Supplied entries:
- - - - -
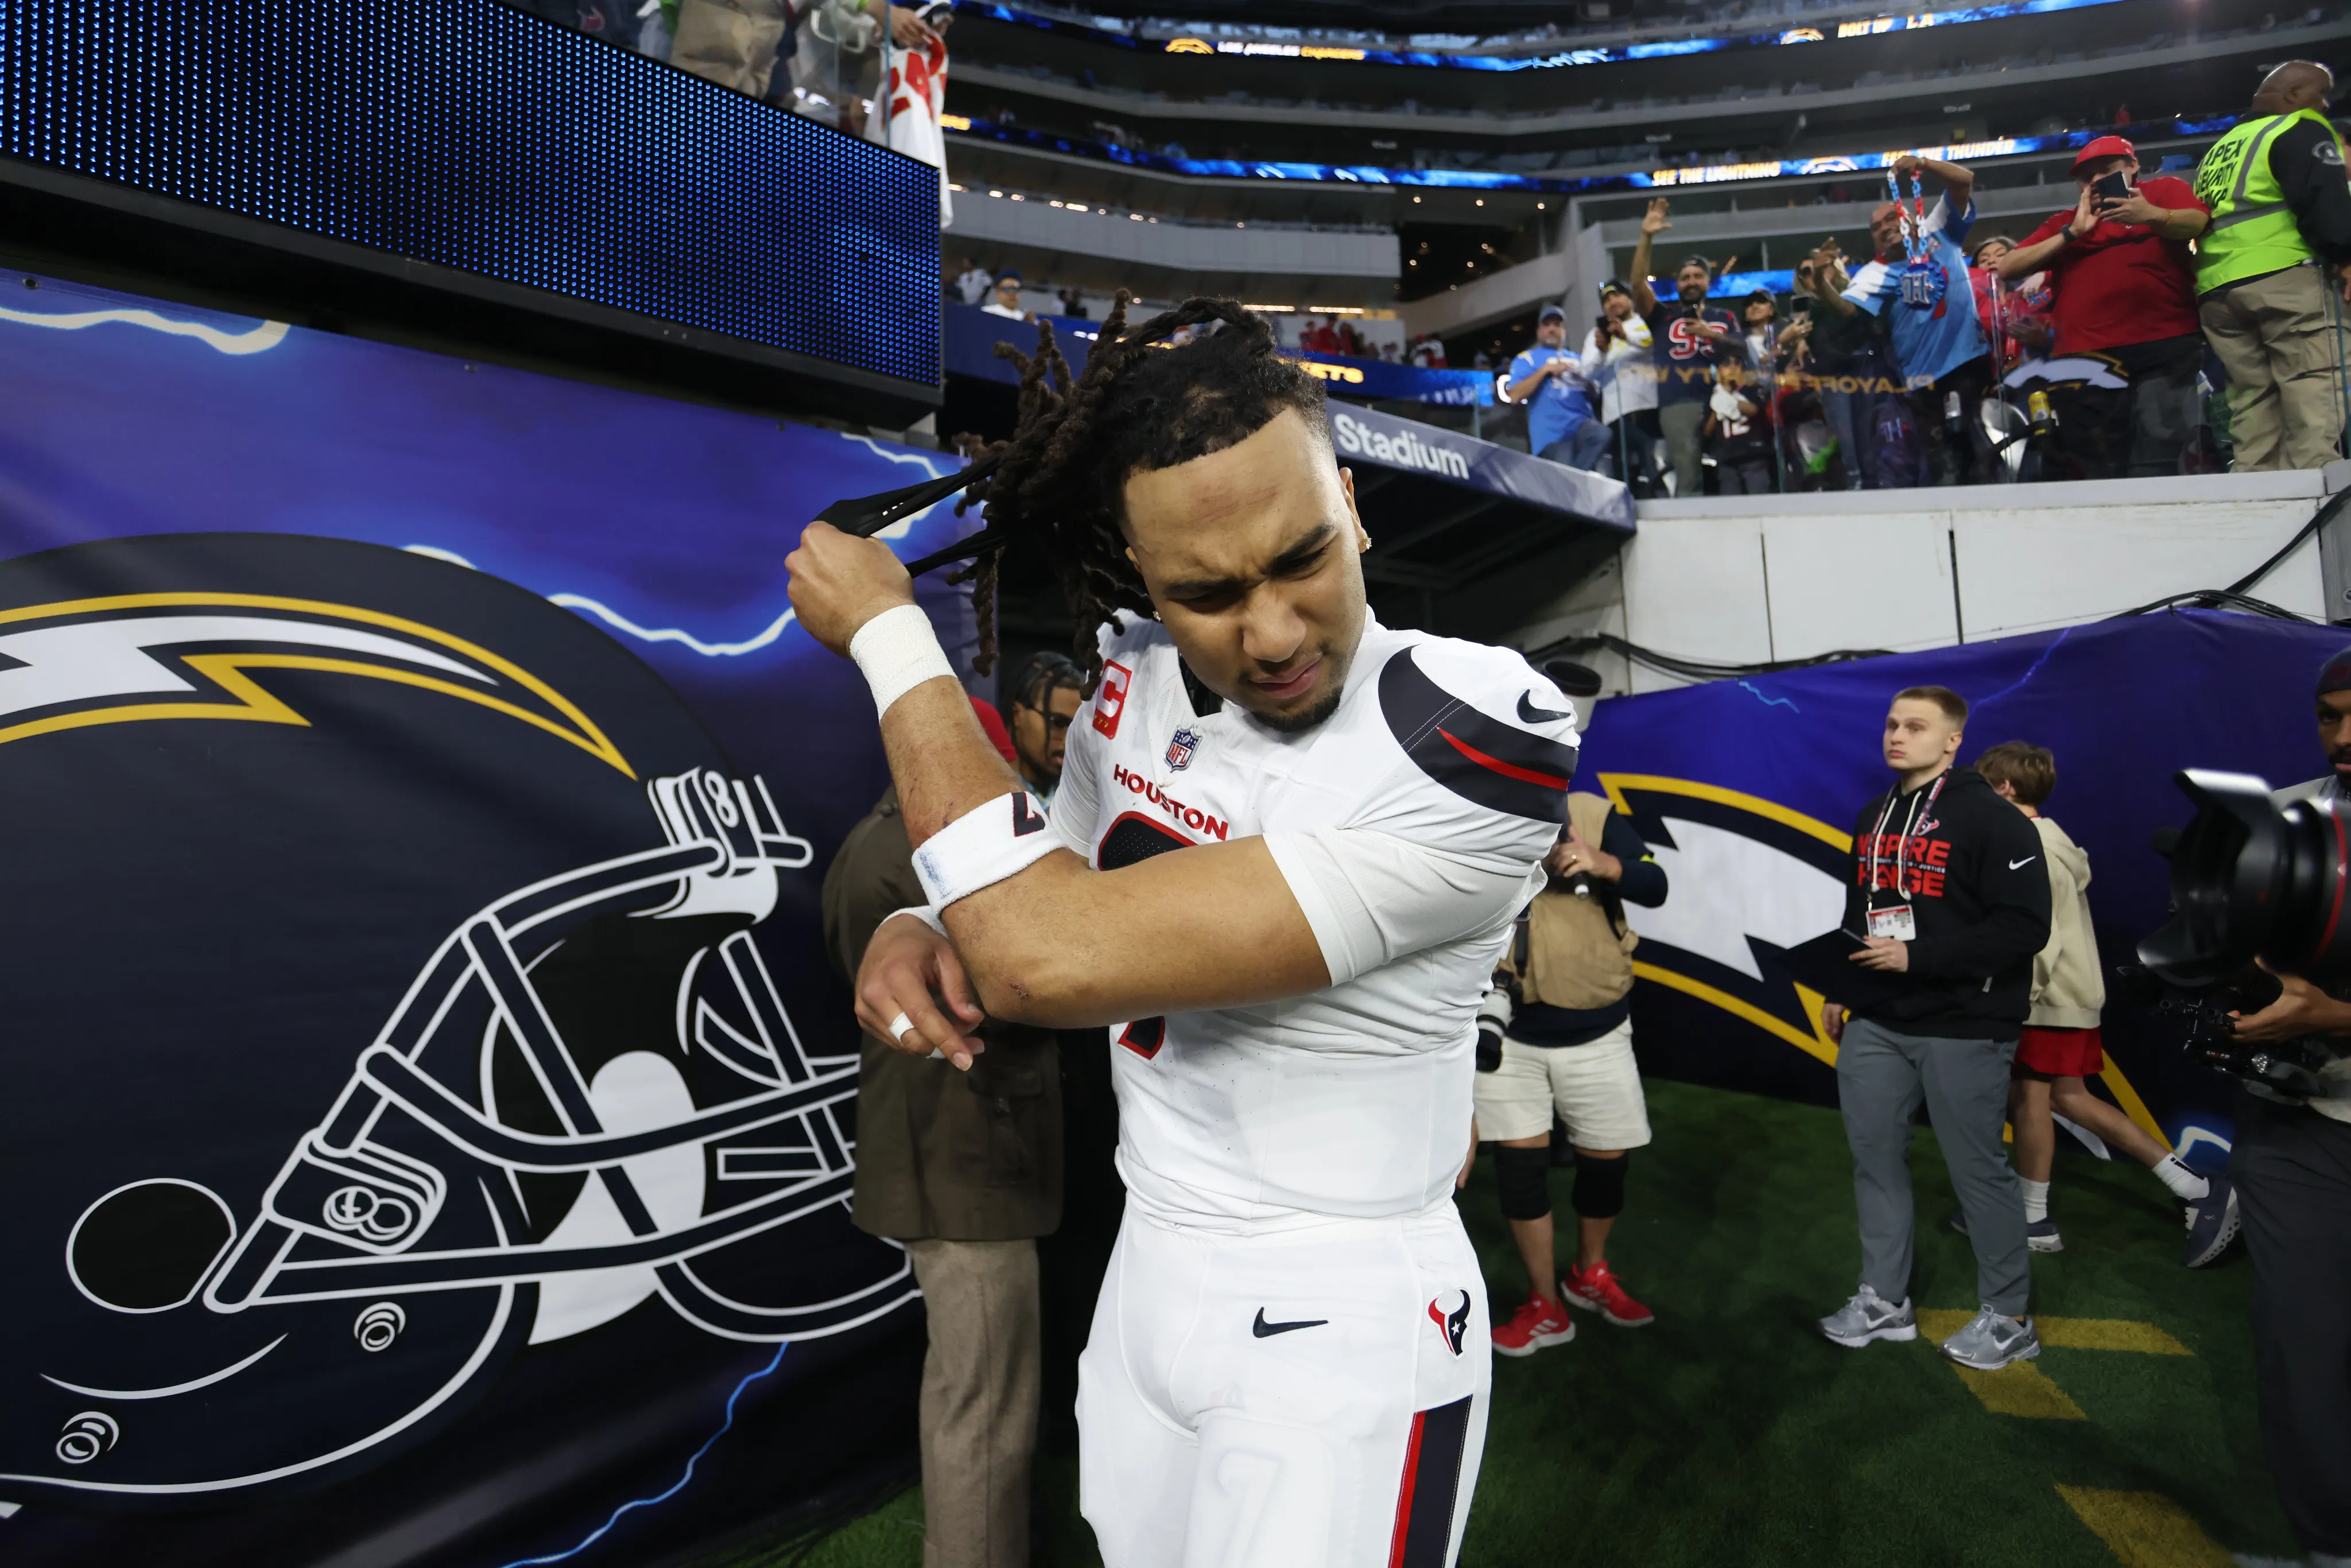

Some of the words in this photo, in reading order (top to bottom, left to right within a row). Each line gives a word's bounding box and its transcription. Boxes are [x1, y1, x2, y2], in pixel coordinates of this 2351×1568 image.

[1906, 13, 1934, 29] LA
[1946, 138, 2016, 161] THUNDER
[1334, 413, 1469, 480] Stadium
[1096, 665, 1127, 717] C
[1167, 743, 1189, 764] NFL
[1114, 763, 1228, 841] HOUSTON
[1857, 833, 1951, 868] NSPIRE
[1857, 862, 1945, 898] HANGE
[1918, 863, 1946, 874] JUSTICE
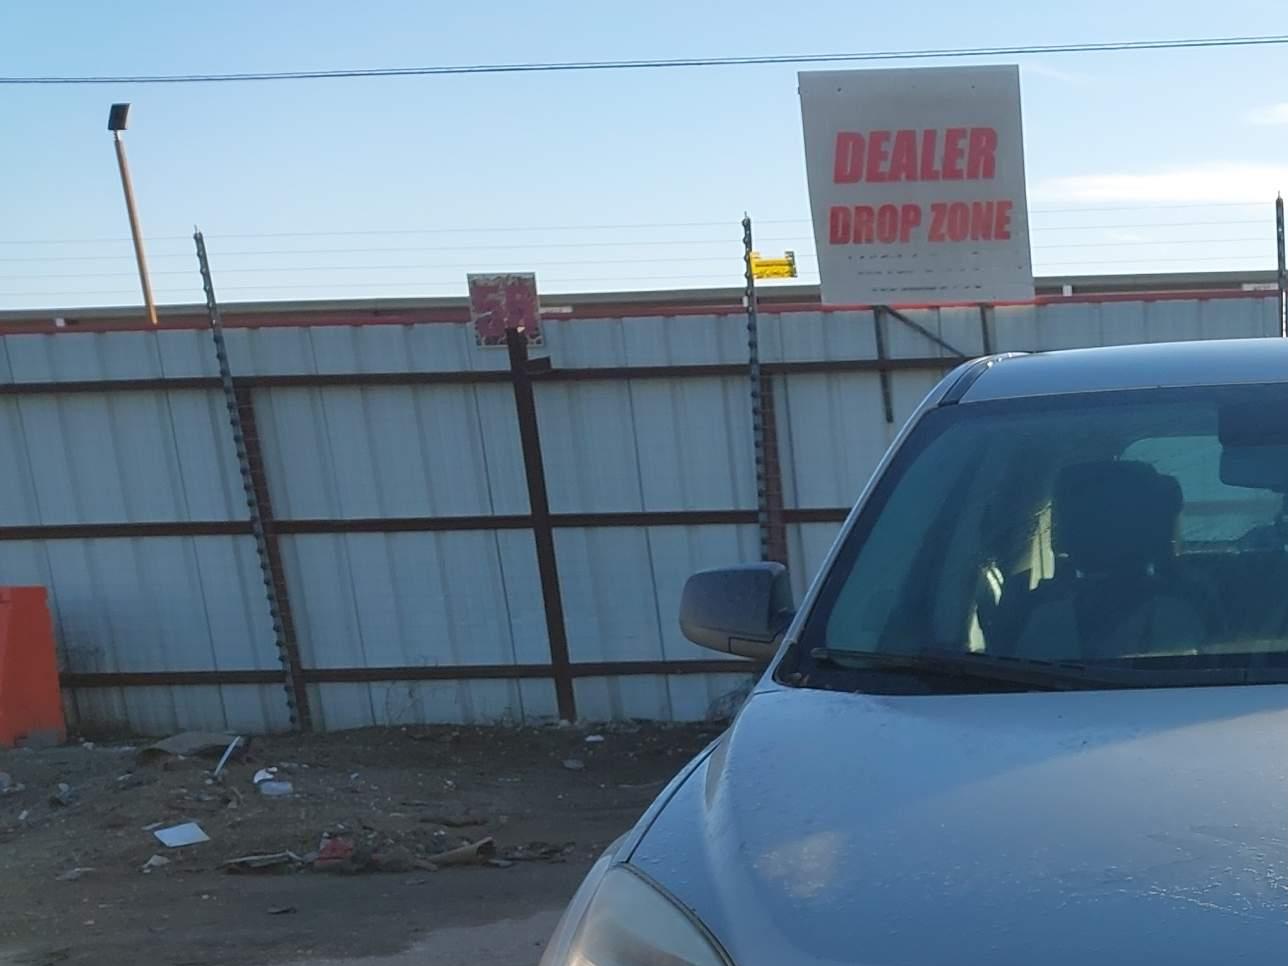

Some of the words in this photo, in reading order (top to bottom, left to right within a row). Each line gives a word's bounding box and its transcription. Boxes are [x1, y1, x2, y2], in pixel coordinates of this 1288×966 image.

[833, 127, 998, 184] DEALER
[828, 203, 922, 245] DROP
[928, 200, 1013, 242] ZONE
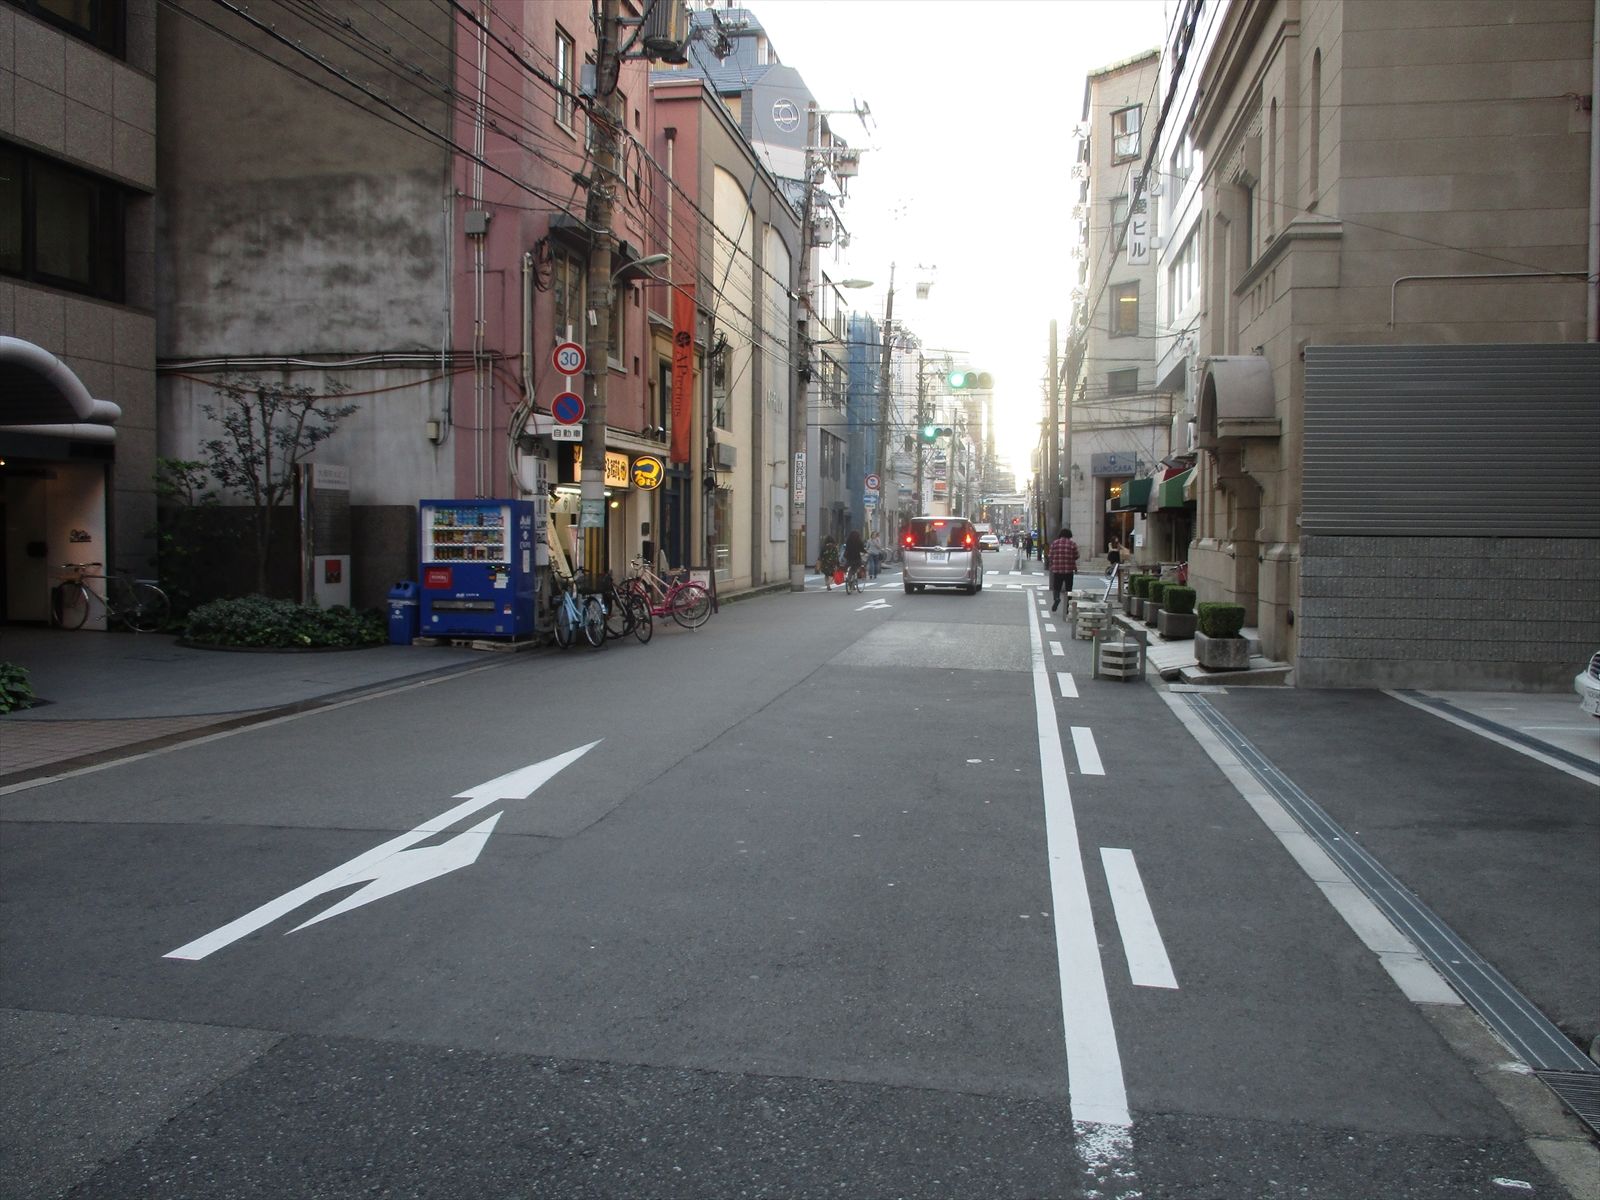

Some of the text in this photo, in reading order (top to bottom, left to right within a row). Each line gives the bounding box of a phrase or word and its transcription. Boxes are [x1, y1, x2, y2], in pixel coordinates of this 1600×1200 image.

[560, 351, 579, 367] 30
[553, 428, 581, 438] 自動車
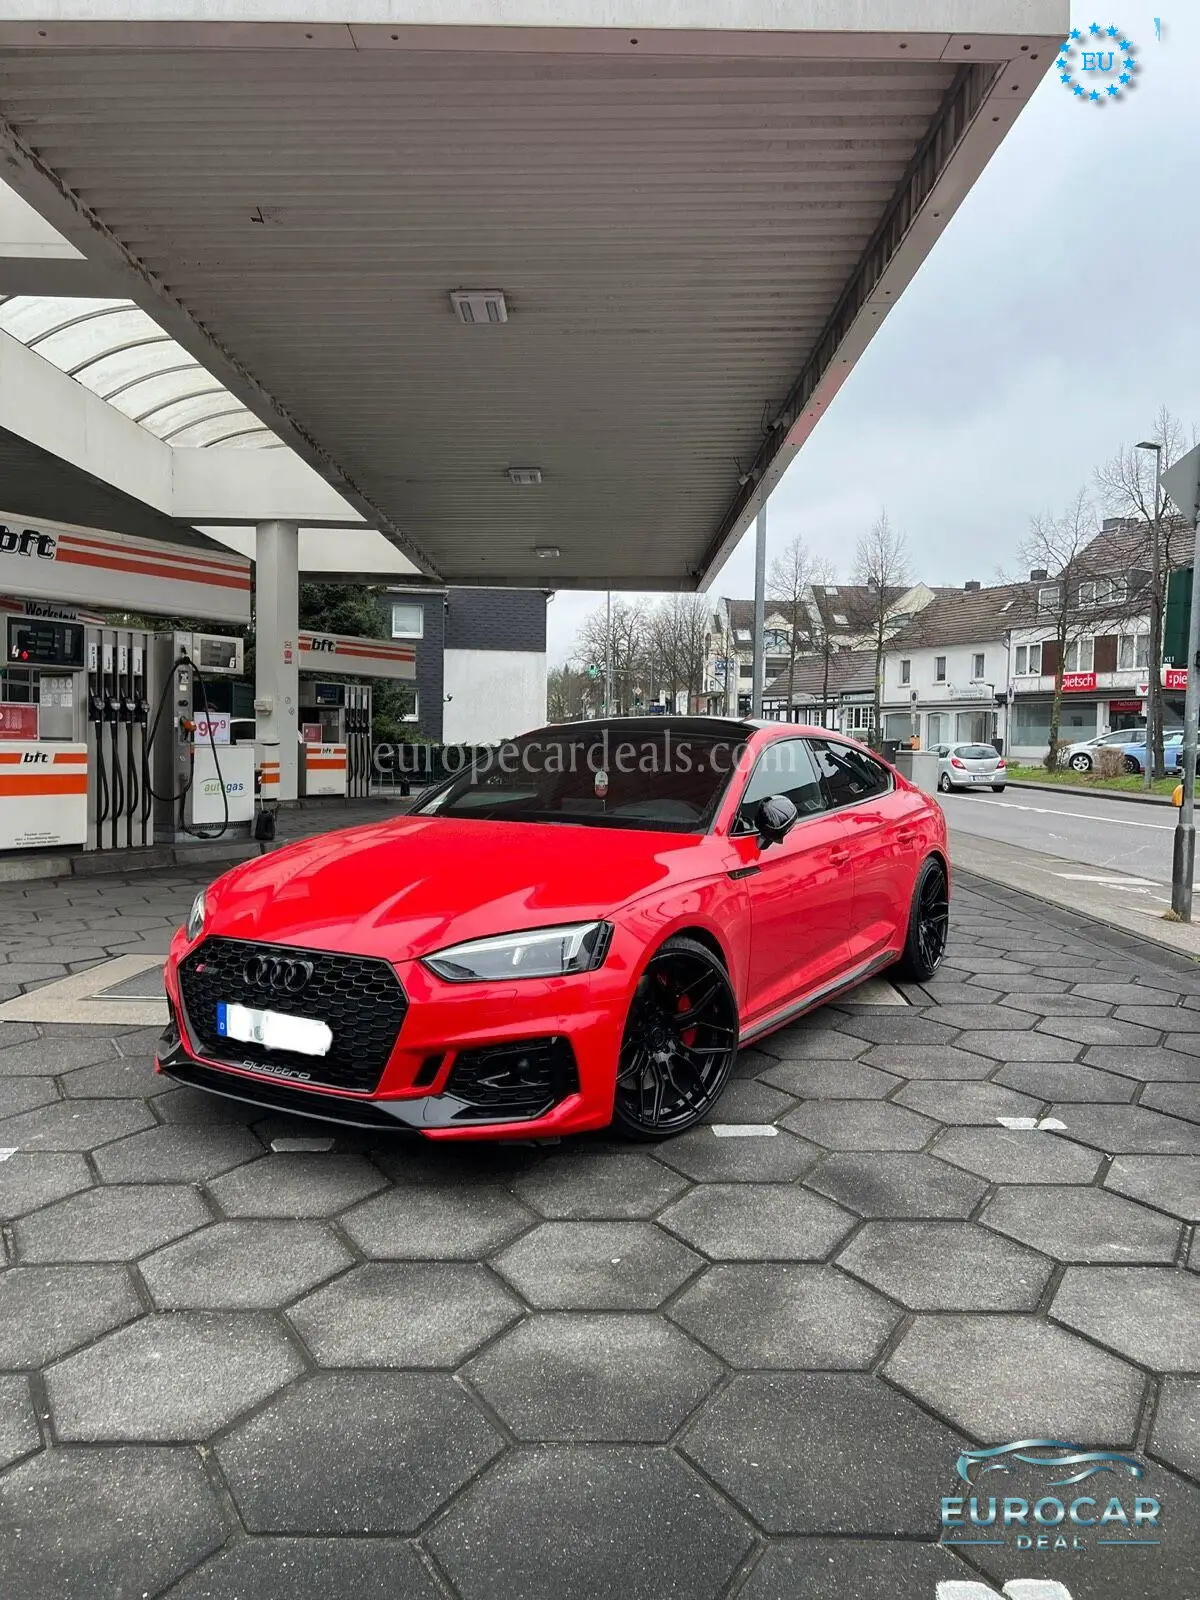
- - - - -
Your goal: Pictures are not part of the copy; reproduce exactly and only the lines from the line containing "this 1288×966 image." through the end of the listing.

Solved problem:
Some of the words in this photo, in reading order (top to bottom, left to right within a row). Each line gives a word's bounding box and its transcription. Boxes are [x1, y1, x2, y2], in pixel coordinates of this 1288×966 image.

[833, 127, 998, 184] DEALER
[828, 203, 922, 245] DROP
[928, 200, 1013, 242] ZONE

Some of the text in this photo, in reading order (top to bottom, left to right within a row). Each line gives the bounding box of a phrase or word and its transcription. Boxes are [x1, y1, x2, y2], in pixel coordinates of this 1600×1200 image.

[560, 351, 579, 367] 30
[553, 428, 581, 438] 自動車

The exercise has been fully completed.